## [What to produce]
The goal is a clean copy of all the data below, with pictures dropped and everything else retyped exactly.

## [Provided data]

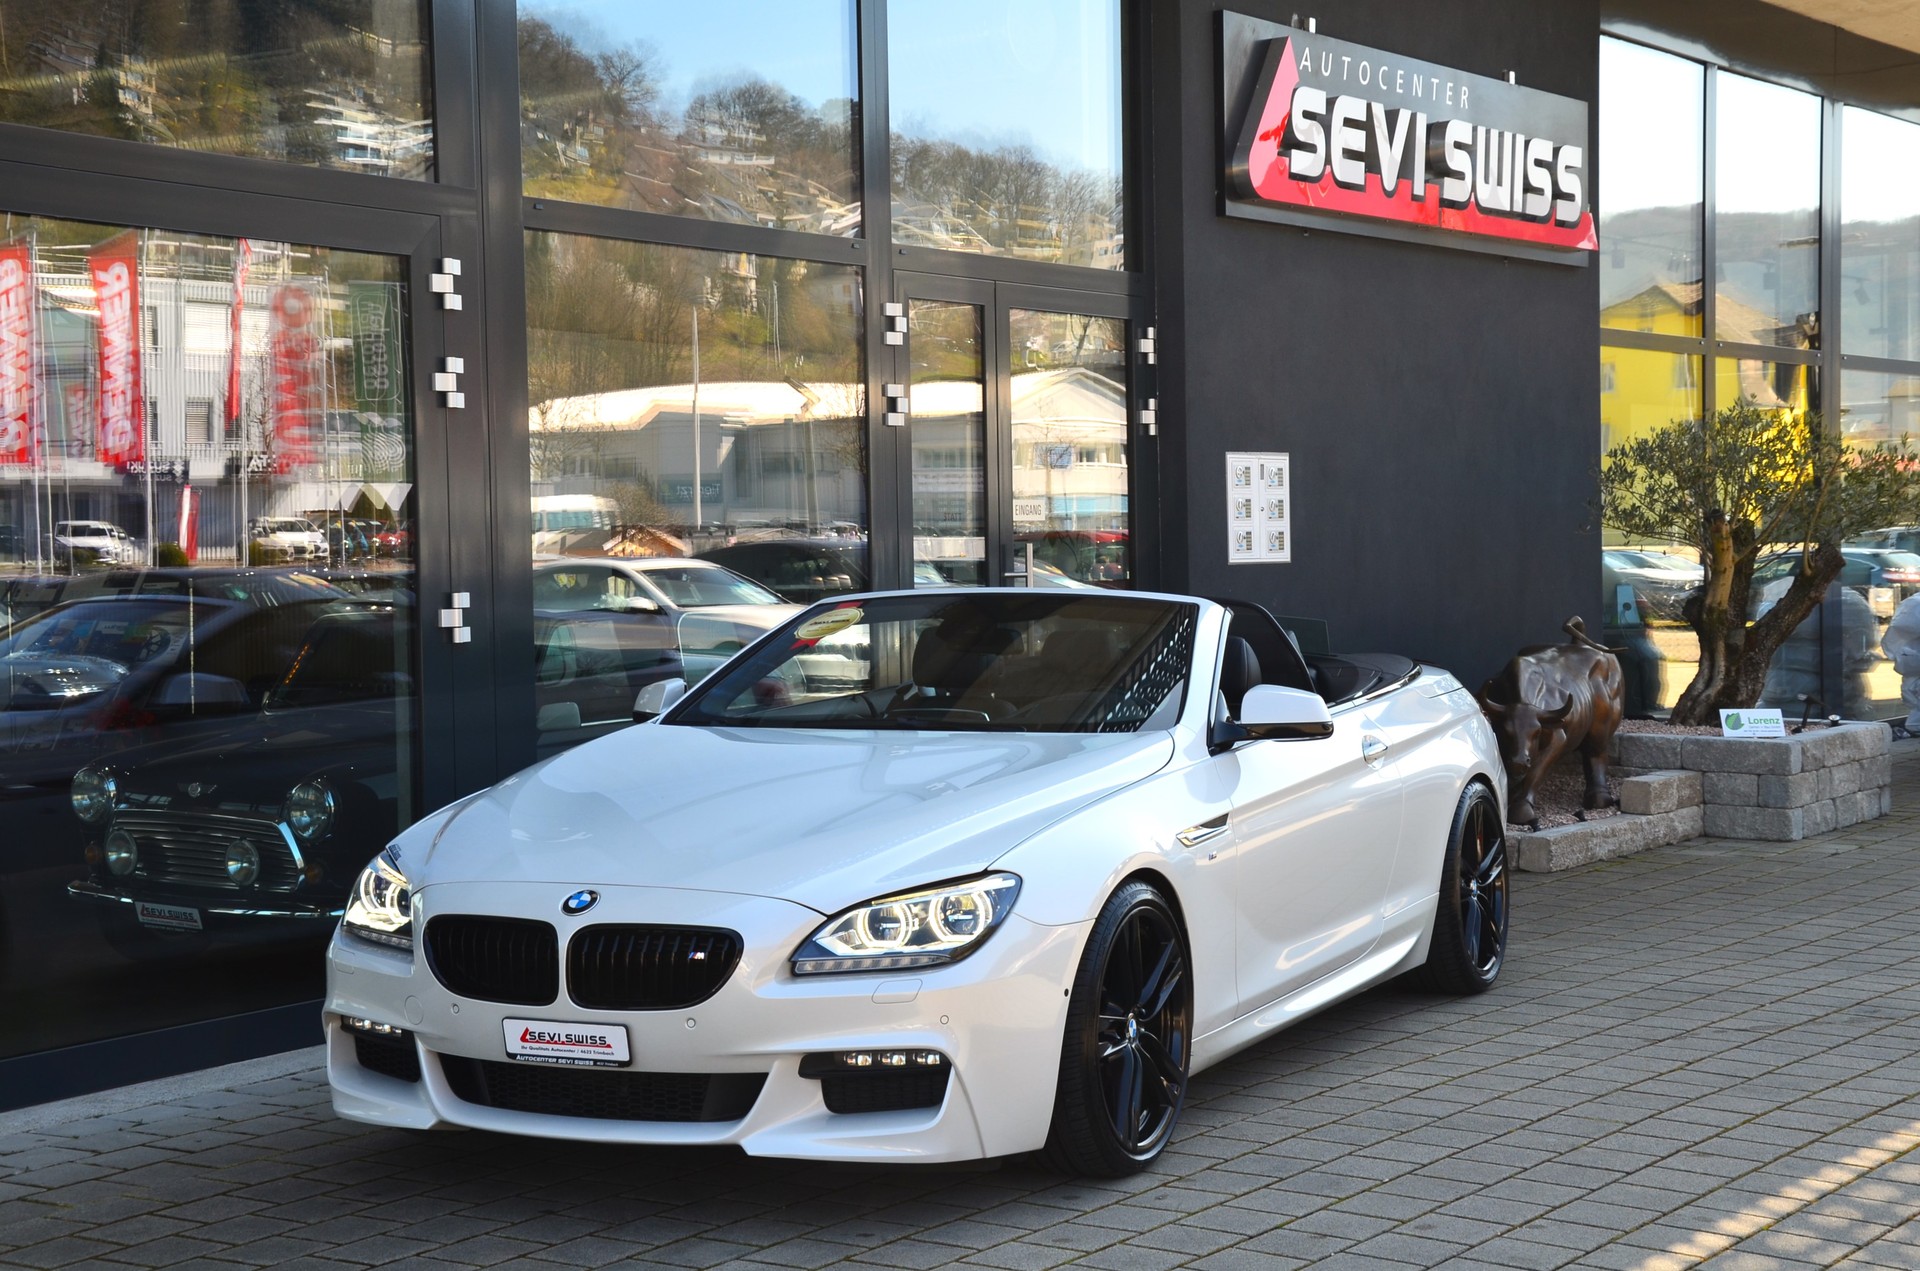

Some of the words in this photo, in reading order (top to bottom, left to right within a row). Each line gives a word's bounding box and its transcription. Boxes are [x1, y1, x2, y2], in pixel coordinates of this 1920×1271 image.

[1300, 47, 1470, 109] AUTOCENTER
[1289, 86, 1427, 197] SEVI
[1443, 119, 1583, 222] SWISS
[1015, 504, 1042, 516] EINGANG
[145, 907, 166, 916] SEVI
[168, 910, 194, 920] SWISS
[528, 1031, 561, 1043] SEVI
[565, 1034, 607, 1045] SWISS
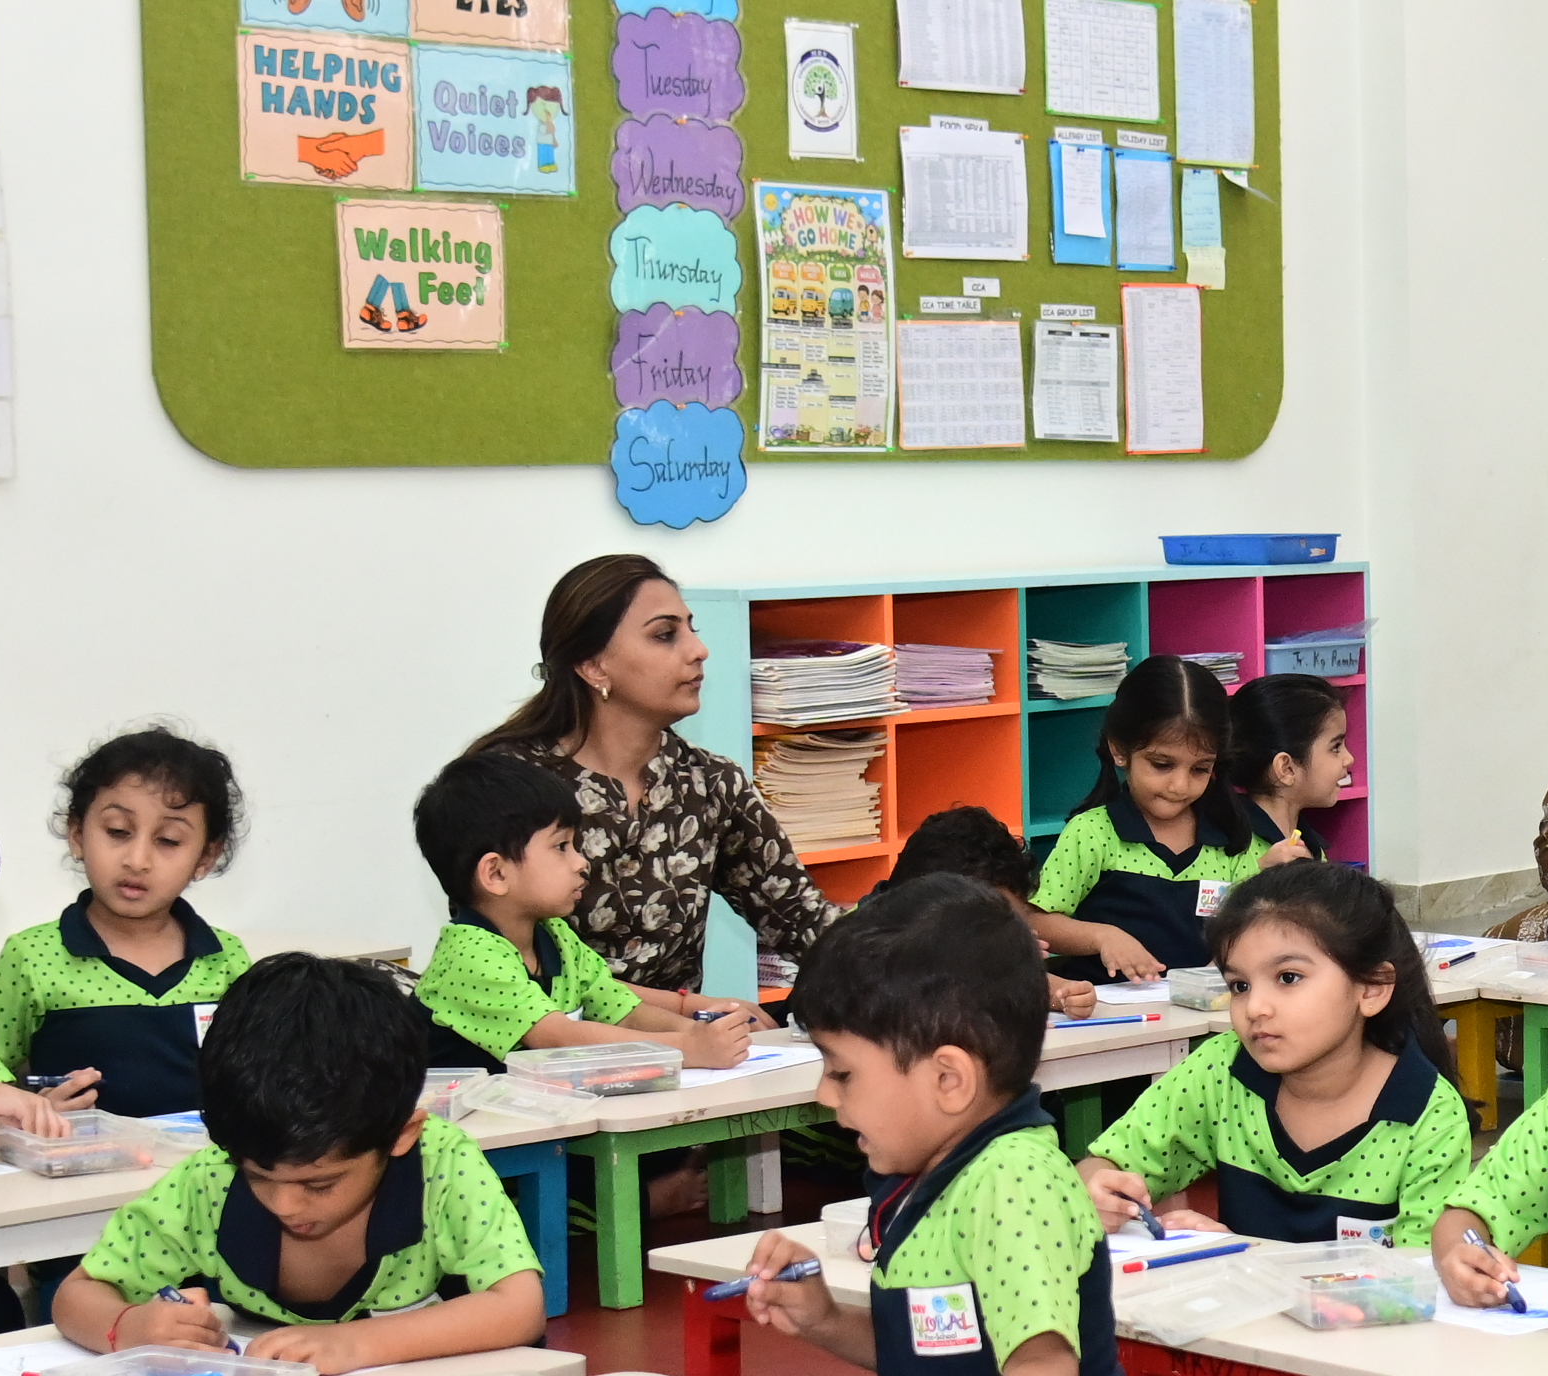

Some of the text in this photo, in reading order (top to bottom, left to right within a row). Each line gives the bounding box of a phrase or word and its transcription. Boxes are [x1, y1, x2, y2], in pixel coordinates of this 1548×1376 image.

[254, 44, 402, 93] HELPING
[632, 40, 712, 118] Tuesday
[261, 82, 376, 125] HANDS
[433, 80, 519, 118] Quiet
[428, 119, 526, 159] Voices
[1086, 133, 1101, 142] LIST
[1119, 135, 1165, 146] HOLIDAY LIST
[627, 145, 738, 217] Wednesday
[793, 206, 856, 229] HOW WE
[354, 227, 493, 274] Walking
[797, 227, 857, 250] GO HOME
[624, 235, 723, 302] Thursday
[418, 272, 487, 306] Feet
[938, 301, 954, 309] TIME
[957, 301, 978, 309] TABLE
[972, 284, 986, 292] CCA
[1043, 309, 1055, 317] CCA
[1079, 309, 1094, 317] LIST
[631, 334, 711, 402] Friday
[629, 435, 732, 499] Saturday
[1341, 1229, 1362, 1237] MRV
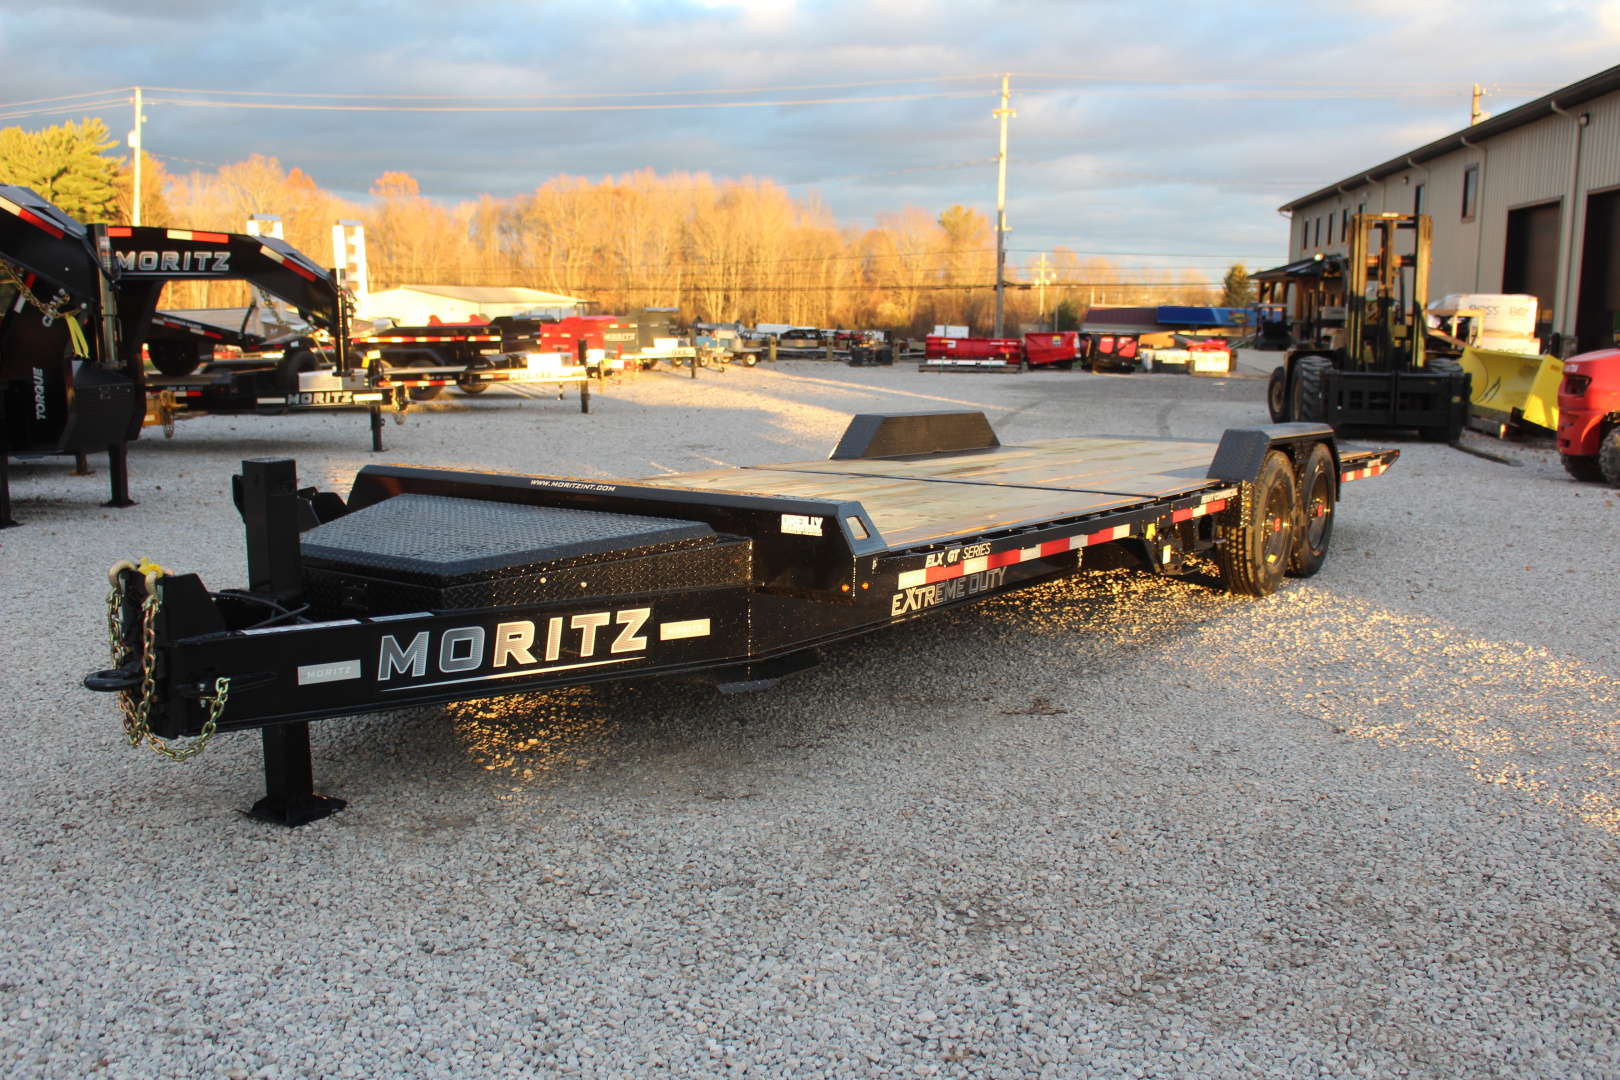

## [Written response]
Some of the words in this photo, in reading order (top to bottom, left to right within a row). Each line gives a word's bounding box and its transcription. Boxes are [x1, y1, x2, y2], in pixel coordinates of this 1920×1271 image.

[1300, 47, 1470, 109] AUTOCENTER
[1289, 86, 1427, 197] SEVI
[1443, 119, 1583, 222] SWISS
[1015, 504, 1042, 516] EINGANG
[145, 907, 166, 916] SEVI
[168, 910, 194, 920] SWISS
[528, 1031, 561, 1043] SEVI
[565, 1034, 607, 1045] SWISS

Some of the text in this photo, in reading order (top to bottom, left to right within a row). Each line gives the bounding box of a phrase or word and its transcription. Boxes are [x1, y1, x2, y2], in pixel coordinates of this 1548×1376 image.

[254, 44, 402, 93] HELPING
[632, 40, 712, 118] Tuesday
[261, 82, 376, 125] HANDS
[433, 80, 519, 118] Quiet
[428, 119, 526, 159] Voices
[1086, 133, 1101, 142] LIST
[1119, 135, 1165, 146] HOLIDAY LIST
[627, 145, 738, 217] Wednesday
[793, 206, 856, 229] HOW WE
[354, 227, 493, 274] Walking
[797, 227, 857, 250] GO HOME
[624, 235, 723, 302] Thursday
[418, 272, 487, 306] Feet
[938, 301, 954, 309] TIME
[957, 301, 978, 309] TABLE
[972, 284, 986, 292] CCA
[1043, 309, 1055, 317] CCA
[1079, 309, 1094, 317] LIST
[631, 334, 711, 402] Friday
[629, 435, 732, 499] Saturday
[1341, 1229, 1362, 1237] MRV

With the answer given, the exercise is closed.